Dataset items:
□ □ □ □ □

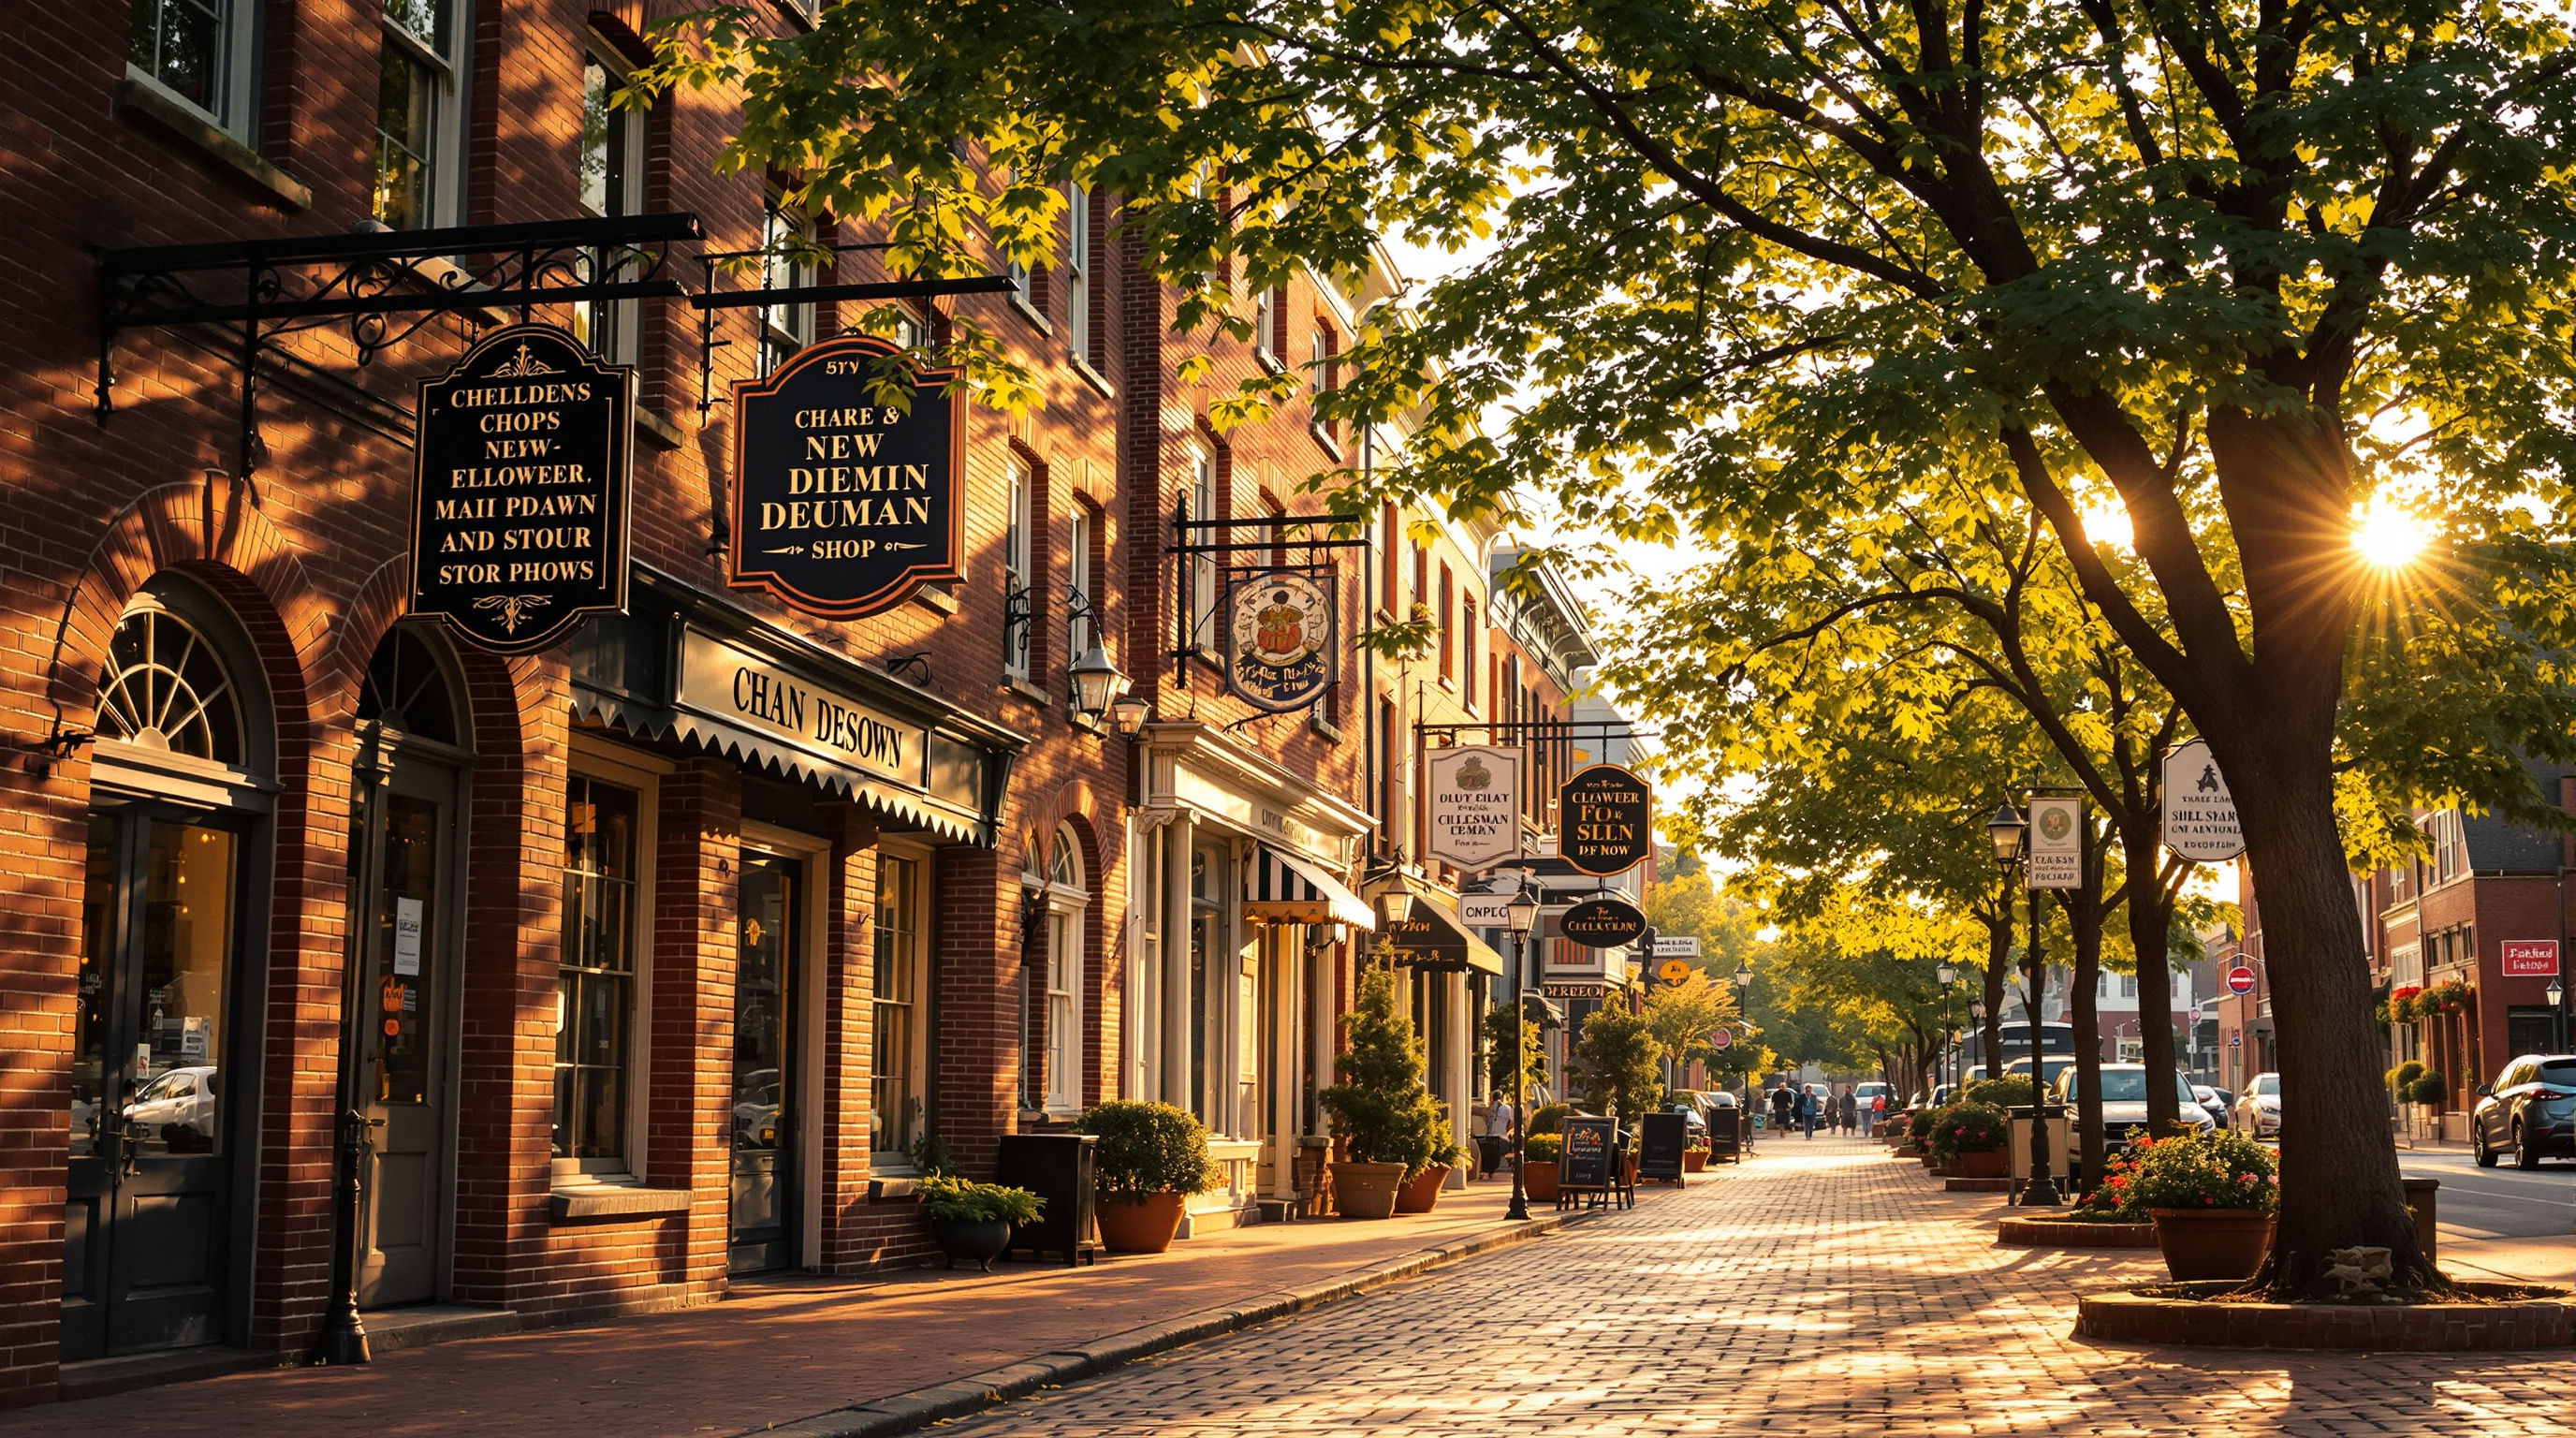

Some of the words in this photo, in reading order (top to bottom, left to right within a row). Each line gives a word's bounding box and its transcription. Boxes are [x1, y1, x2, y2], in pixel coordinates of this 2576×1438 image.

[451, 382, 591, 408] CHELLDENS
[480, 410, 561, 433] CHOPS
[795, 407, 874, 429] CHARE
[883, 406, 900, 425] &
[806, 433, 885, 461] NEW
[789, 464, 929, 494] DIEMIN
[505, 494, 597, 517] PDAWN
[759, 496, 931, 531] DEUMAN
[439, 531, 495, 552] AND
[504, 526, 592, 550] STOUR
[812, 539, 876, 560] SHOP
[439, 564, 502, 584] STOR
[508, 560, 594, 582] PHOWS
[733, 667, 806, 733] CHAN
[815, 697, 903, 769] DESOWN

□ □ □ □ □

### DESCRIPTION OF THE TASK
In the copy, include every record exactly and no pictures.

### YOUR SOLUTION
Some of the words in this photo, in reading order (top to bottom, left to right within a row). Each line gives a word's bounding box and its transcription. Boxes are [x1, y1, x2, y2], in pixel coordinates of this 2576×1438 image.

[451, 382, 591, 408] CHELLDENS
[480, 410, 561, 433] CHOPS
[795, 407, 874, 429] CHARE
[883, 406, 900, 425] &
[806, 433, 885, 461] NEW
[789, 464, 929, 494] DIEMIN
[505, 494, 597, 517] PDAWN
[759, 496, 931, 531] DEUMAN
[439, 531, 495, 552] AND
[504, 526, 592, 550] STOUR
[812, 539, 876, 560] SHOP
[439, 564, 502, 584] STOR
[508, 560, 594, 582] PHOWS
[733, 667, 806, 733] CHAN
[815, 697, 903, 769] DESOWN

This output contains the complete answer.